EXERCISE.
Would you please transcribe the data in full and exactly, excluding images?
BEGIN INPUT
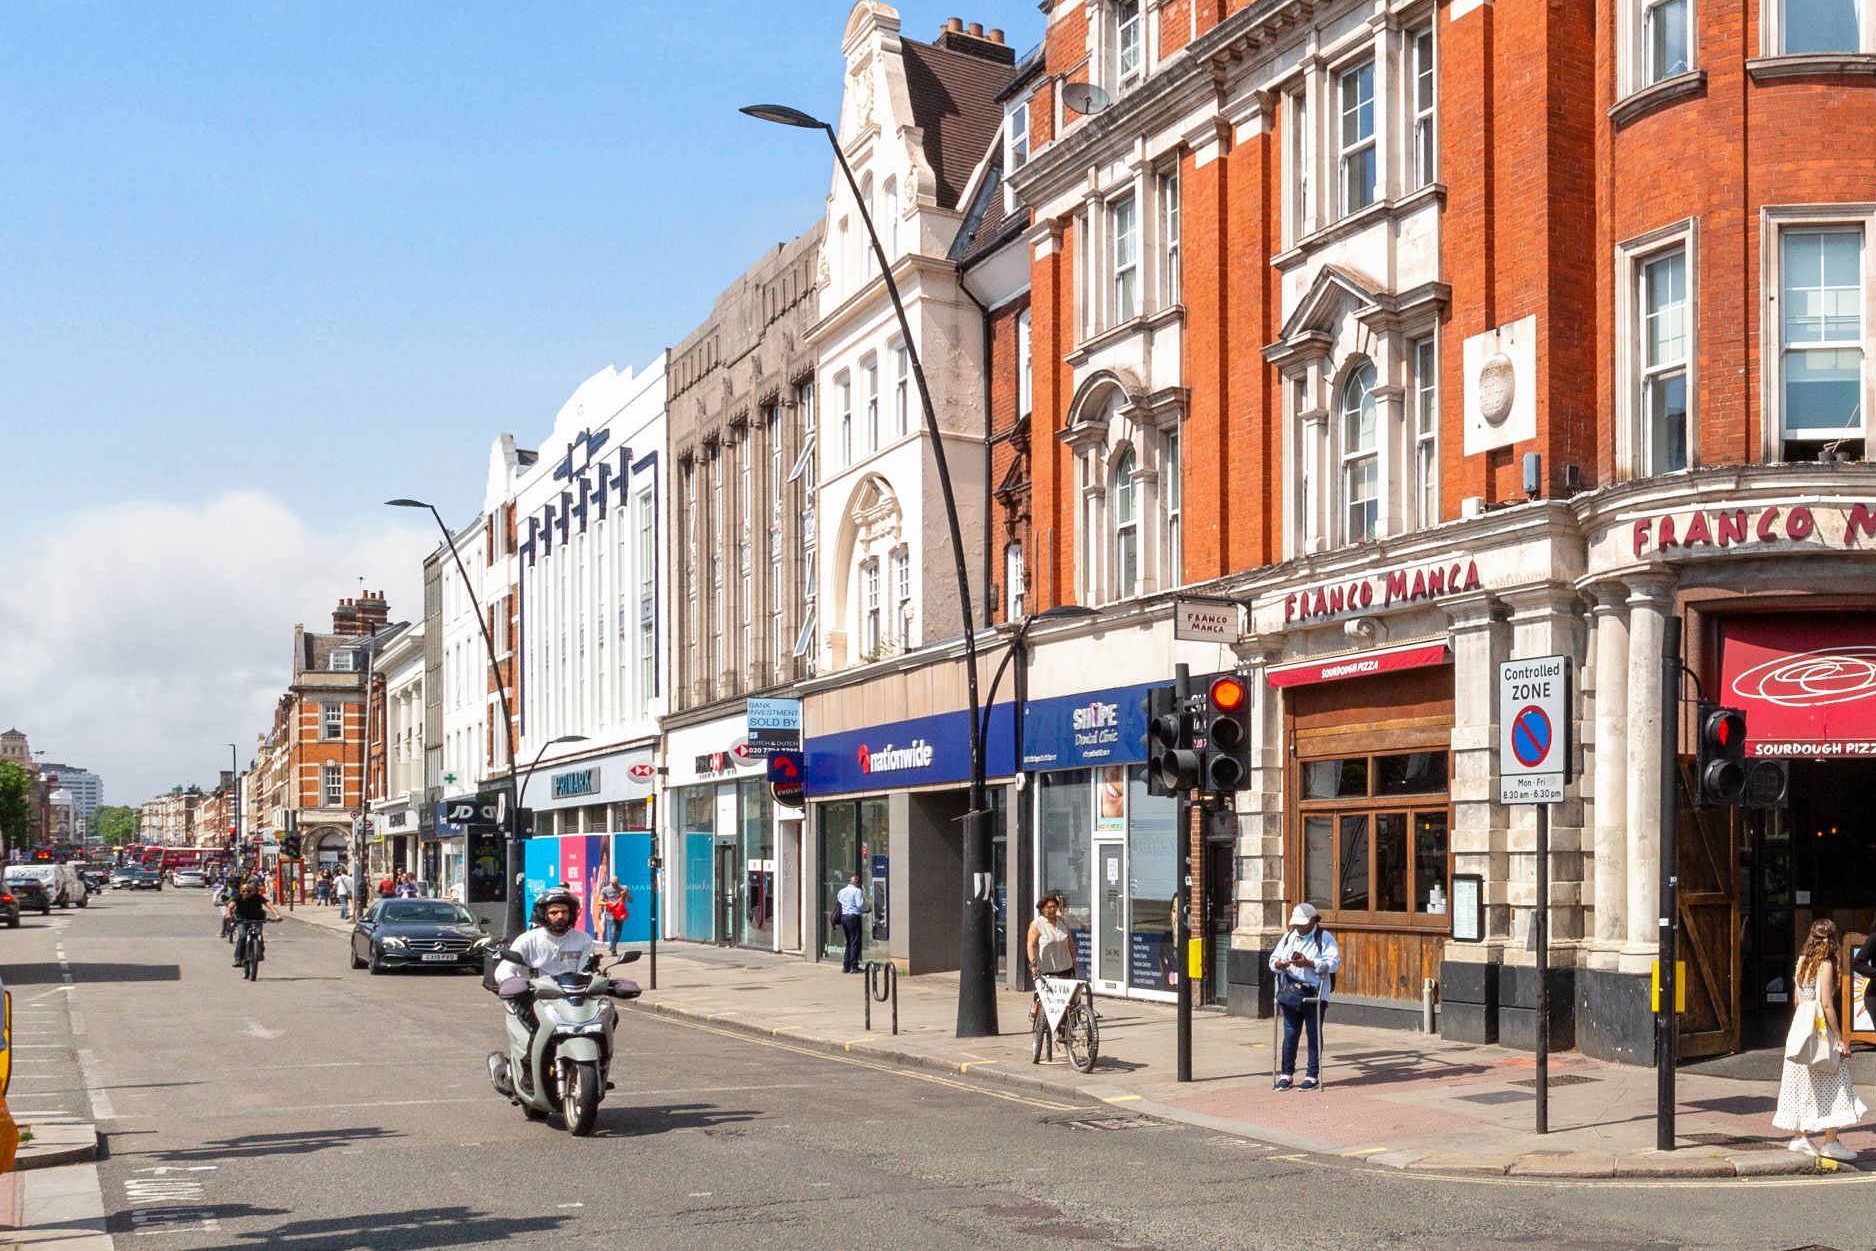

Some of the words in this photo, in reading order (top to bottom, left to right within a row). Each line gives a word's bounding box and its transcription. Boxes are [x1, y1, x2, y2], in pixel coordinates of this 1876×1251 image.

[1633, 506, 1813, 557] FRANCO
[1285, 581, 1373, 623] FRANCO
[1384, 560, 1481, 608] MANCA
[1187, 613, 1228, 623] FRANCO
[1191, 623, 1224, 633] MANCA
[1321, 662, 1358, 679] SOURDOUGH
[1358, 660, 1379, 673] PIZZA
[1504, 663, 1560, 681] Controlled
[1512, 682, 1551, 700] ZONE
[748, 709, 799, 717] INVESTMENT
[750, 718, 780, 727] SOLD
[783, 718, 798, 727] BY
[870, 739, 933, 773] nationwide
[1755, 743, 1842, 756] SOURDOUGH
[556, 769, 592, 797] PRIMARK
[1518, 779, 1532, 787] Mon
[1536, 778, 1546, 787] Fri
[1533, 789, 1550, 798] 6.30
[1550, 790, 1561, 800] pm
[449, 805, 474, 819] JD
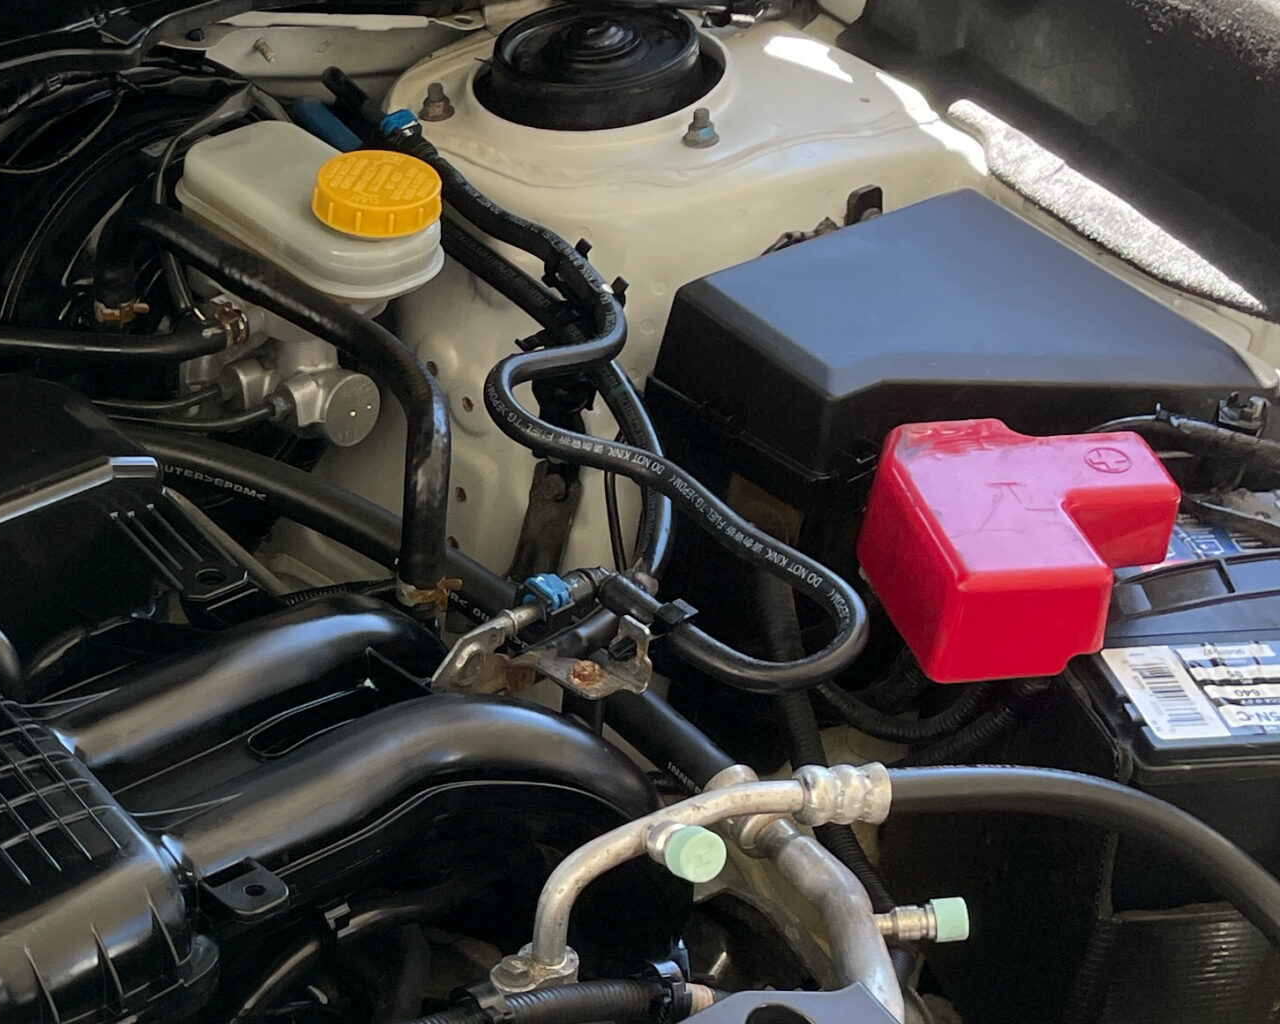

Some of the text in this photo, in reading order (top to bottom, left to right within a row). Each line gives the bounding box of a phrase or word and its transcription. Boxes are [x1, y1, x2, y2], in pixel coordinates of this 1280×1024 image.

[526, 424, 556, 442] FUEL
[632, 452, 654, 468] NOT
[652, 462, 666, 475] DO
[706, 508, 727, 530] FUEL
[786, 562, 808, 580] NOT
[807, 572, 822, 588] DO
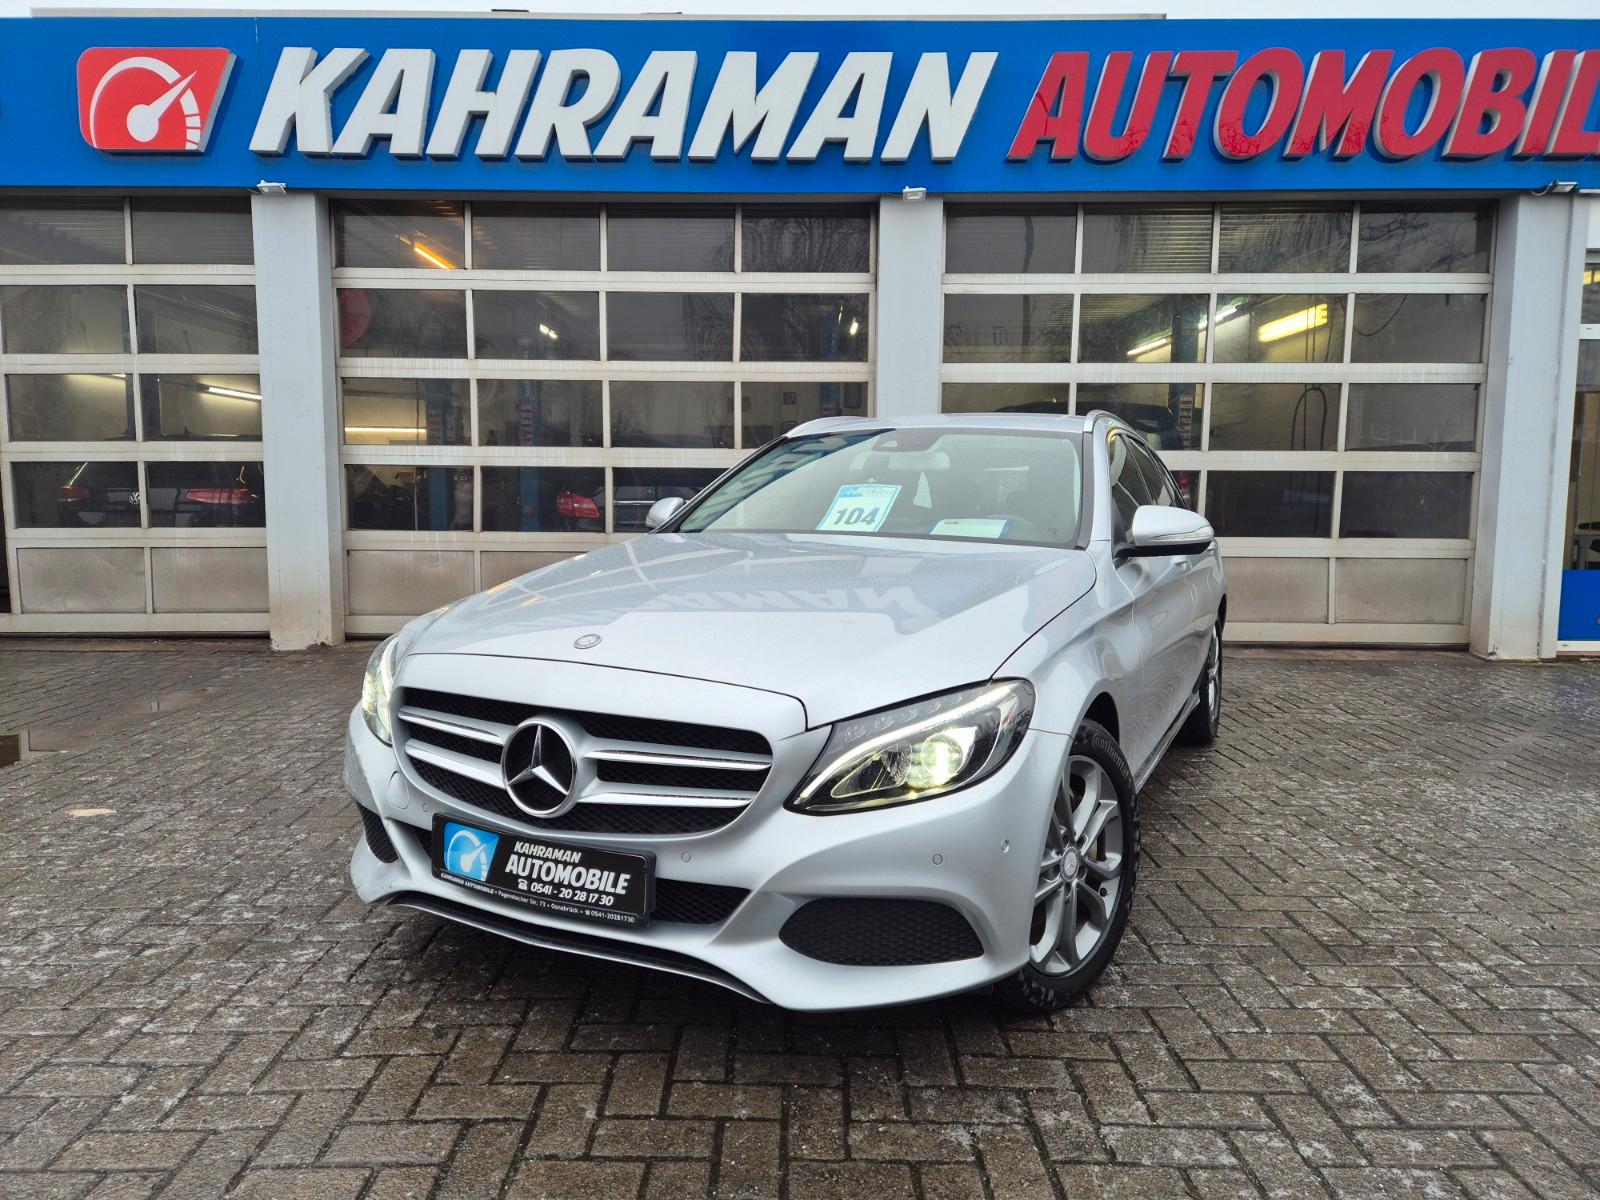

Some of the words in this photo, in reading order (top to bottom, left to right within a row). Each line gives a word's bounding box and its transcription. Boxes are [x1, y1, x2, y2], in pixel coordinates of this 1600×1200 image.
END INPUT
COMPLETED TASK.
Some of the words in this photo, in reading order (top to bottom, left to right within a row). Each line gives a word's bounding box and its transcription. Boxes are [x1, y1, x2, y2], in pixel coordinates of this 1876×1251 image.

[1633, 506, 1813, 557] FRANCO
[1285, 581, 1373, 623] FRANCO
[1384, 560, 1481, 608] MANCA
[1187, 613, 1228, 623] FRANCO
[1191, 623, 1224, 633] MANCA
[1321, 662, 1358, 679] SOURDOUGH
[1358, 660, 1379, 673] PIZZA
[1504, 663, 1560, 681] Controlled
[1512, 682, 1551, 700] ZONE
[748, 709, 799, 717] INVESTMENT
[750, 718, 780, 727] SOLD
[783, 718, 798, 727] BY
[870, 739, 933, 773] nationwide
[1755, 743, 1842, 756] SOURDOUGH
[556, 769, 592, 797] PRIMARK
[1518, 779, 1532, 787] Mon
[1536, 778, 1546, 787] Fri
[1533, 789, 1550, 798] 6.30
[1550, 790, 1561, 800] pm
[449, 805, 474, 819] JD

Some of the text in this photo, in reading order (top to bottom, left to right within a row). Each line gives the bounding box of a phrase or word and its transcription. Boxes are [x1, y1, x2, y2], in pixel coordinates of this 1280×1024 image.

[526, 424, 556, 442] FUEL
[632, 452, 654, 468] NOT
[652, 462, 666, 475] DO
[706, 508, 727, 530] FUEL
[786, 562, 808, 580] NOT
[807, 572, 822, 588] DO

Some of the words in this photo, in reading order (top to bottom, left to right within a row). Each line gives a word's bounding box and its transcription. Boxes are [x1, y1, x2, y2], in pixel coordinates of this 1600×1200 image.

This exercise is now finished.